システム過負荷でなぜATMにトラブルが? みずほ銀システム障害、運用面の課題あらわに

今回は「システム過負荷でなぜATMにトラブルが? みずほ銀システム障害、運用面の課題あらわに」についてご紹介します。

関連ワード (確認、藤原頭取、過負荷等) についても参考にしながら、ぜひ本記事について議論していってくださいね。

本記事は、It Media News様で掲載されている内容を参考にしておりますので、より詳しく内容を知りたい方は、ページ下の元記事リンクより参照ください。


 2月28日に発生したみずほ銀行のシステム障害。同行の藤原弘治頭取は3月1日に記者会見を開き、システムの過負荷が原因だったとして謝罪した。この障害の影響で、同行が持つATM約5900台のうち4318台が一時取引できない状態に。ATMに挿入したまま戻ってこなくなった通帳やキャッシュカードは5244枚あったという。

 障害の原因となったシステムの過負荷はなぜ起きたのか。そして、なぜATMにトラブルが波及したのか。藤原頭取は、「今回の障害は想定の甘さに起因するもの」と説明する。会見の質疑応答から、システム障害の全貌が垣間見えた。

データ更新と月末処理がバッティング

 みずほ銀は27日、1年以上動いていない定期預金口座のステータスを「不稼働」に変更するデータ更新作業を行っていた。処理したデータは45万件。この作業を行うにはシステムに十分なデータの空き容量が必要だという。

 同行は事前のテスト環境でシステムに掛かる負荷を計算した上で本番作業を行ったが、同行常務執行役員の片野健氏によると「データ更新作業自体は今回が初めてだった」という。この日は、毎月行っている定期預金の月末処理も15万件同時に処理していたが、問題は起こらなかった。

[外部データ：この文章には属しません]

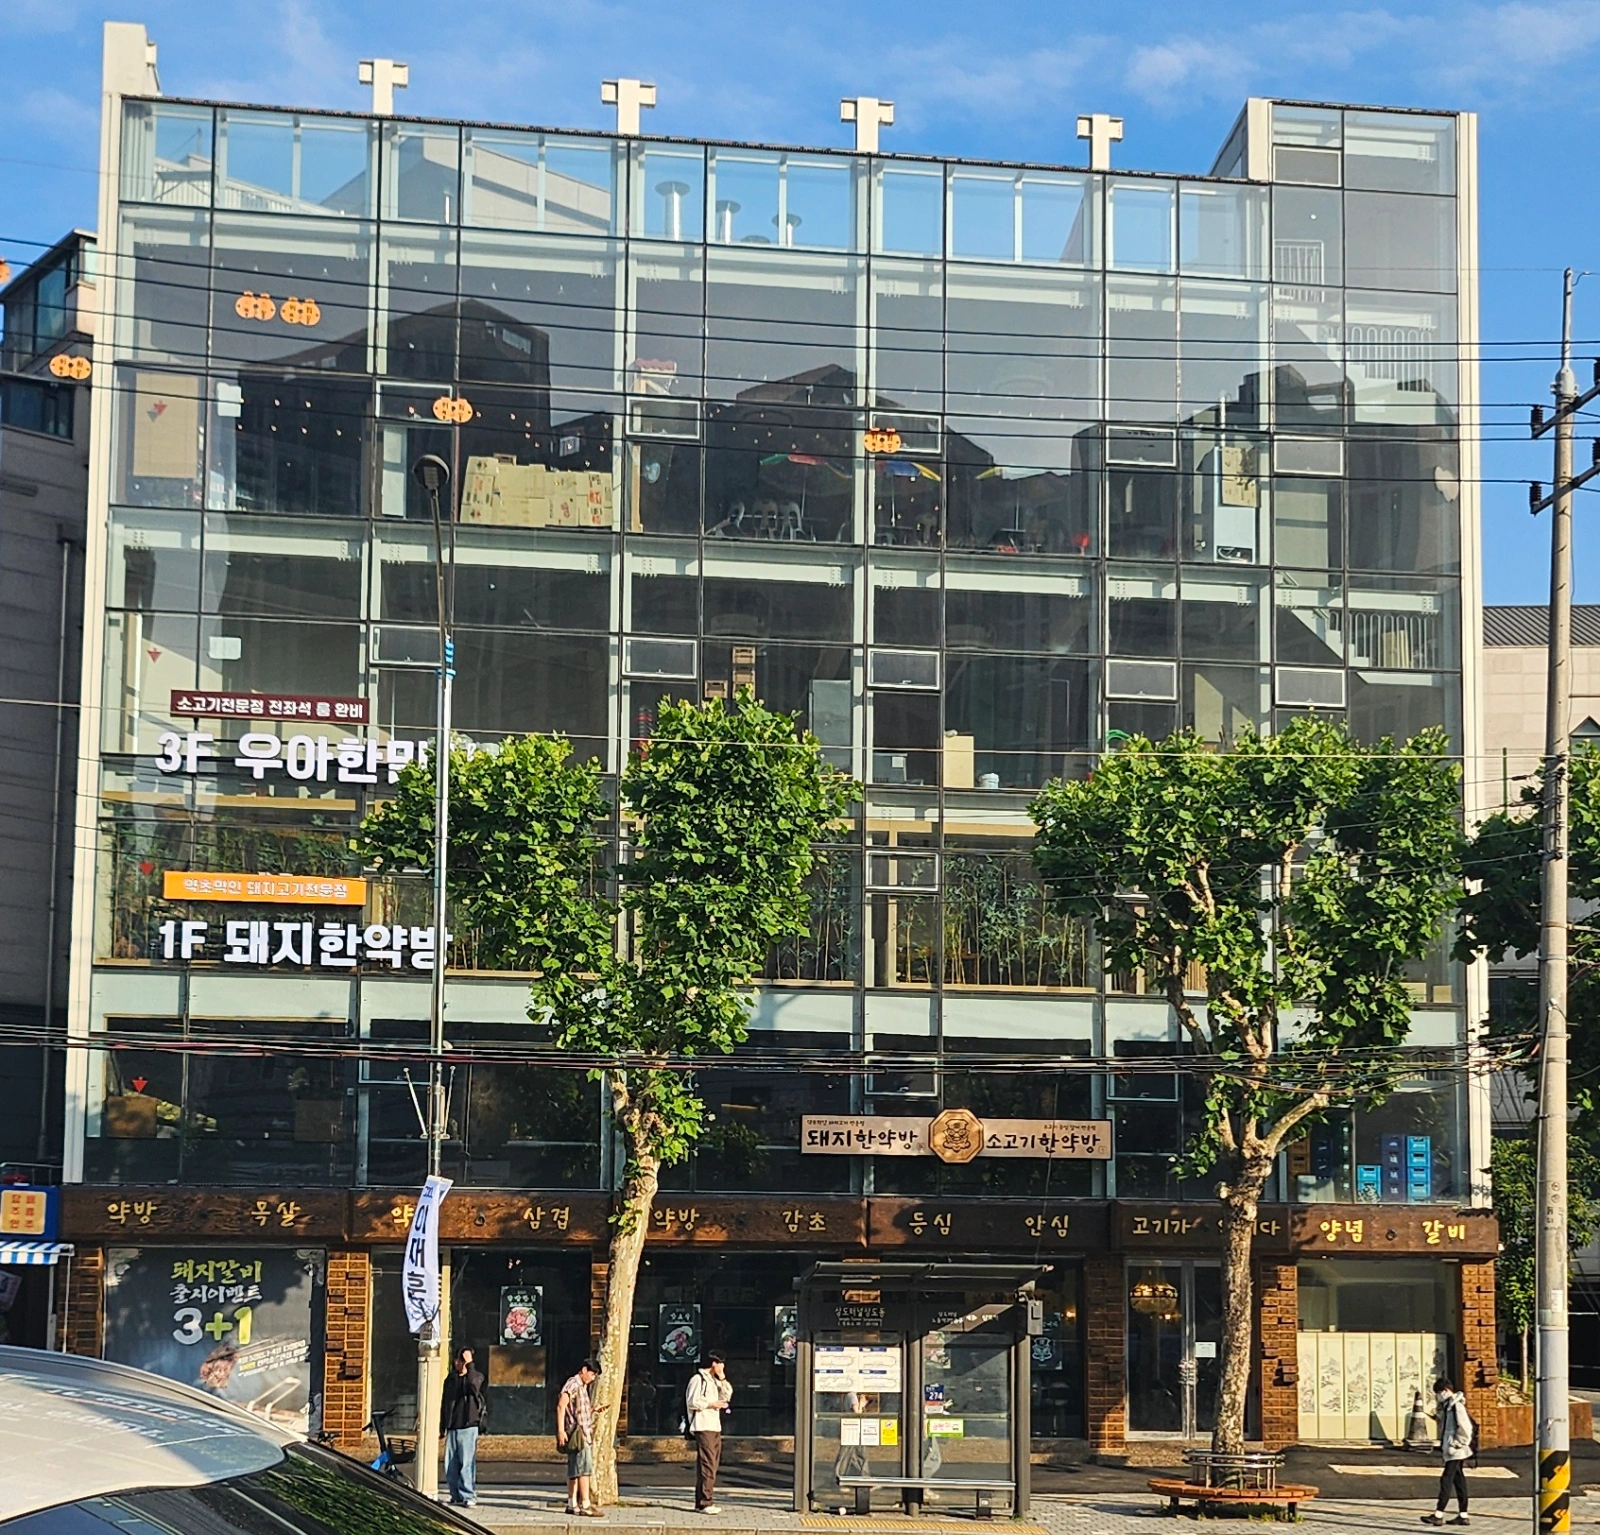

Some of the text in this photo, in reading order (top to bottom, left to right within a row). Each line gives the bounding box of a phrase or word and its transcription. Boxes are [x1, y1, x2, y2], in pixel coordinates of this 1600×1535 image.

 障害が起きた28日も、みずほ銀行は約45万件のデータ更新作業を行っていた。しかしこの日は、27日を10万件上回る25万件の月末処理が重なった。システム上の空き容量が不足した結果、インターネットバンキングやATMで定期預金の取引ができなくなる障害が発生したとしている。

ATM誤作動は“リスク軽減”の結果

 みずほ銀行の基盤システムには、どこかで問題が起きた場合にシステム全体がダウンしないよう、一部の機能に制限を掛けて負荷の軽減を図る機能がある。今回もその機能が稼働し、全体的な障害は免れた。

 しかしその結果として、インターネットバンキングやATMをつかさどる部分の機能が制限される事態に。リスクを最小限に食い止めるためにATMの機能が制限され、障害となって現れた。ATMには不正利用の食い止めや、不完全な処理の確認のため、通帳やキャッシュカードを一時的に取り込む機能がある。これが誤作動した。

 Twitterではこの障害で通帳などを取り出せなくなった人たちから、銀行スタッフの対応の遅さを批判する声も上がっていた。

 通常、ATMに通帳やキャッシュカードが取り込まれたまま戻ってこない場合はATM横の電話からATM監視センターに連絡すると、警備会社のスタッフが駆け付け、本人確認などを行って返却する流れになっている。

 今回は障害の規模が大きかったことに加え、規模の正確な把握も遅れたことで十分な対応ができなかったとしている。「長時間お待たせしてしまった。不十分な部分については深く反省している」(藤原頭取)

過去2回の大規模障害を経てのシステム構築は「成功している」

 みずほ銀は過去にも大規模なシステム障害を経験している。同行は、2002年4月1日に営業を始めたその日にシステム障害を起こし、ユーザーは二重引き落としや口座振替の遅延などのトラブルに見舞われた。11年3月14日の障害では、送金時の処理に障害が起き、異常な振り込みなどの問題が起きた。

 同行は過去2回の障害を受け、再発防止策として「システム基盤の充実」「管理上の課題のクリア」「緊急時の対応体制の整備」などの方針を掲げた。11年の障害の後には4000億円以上を投じて基幹システムを刷新。19年夏に本格稼働を始めていた。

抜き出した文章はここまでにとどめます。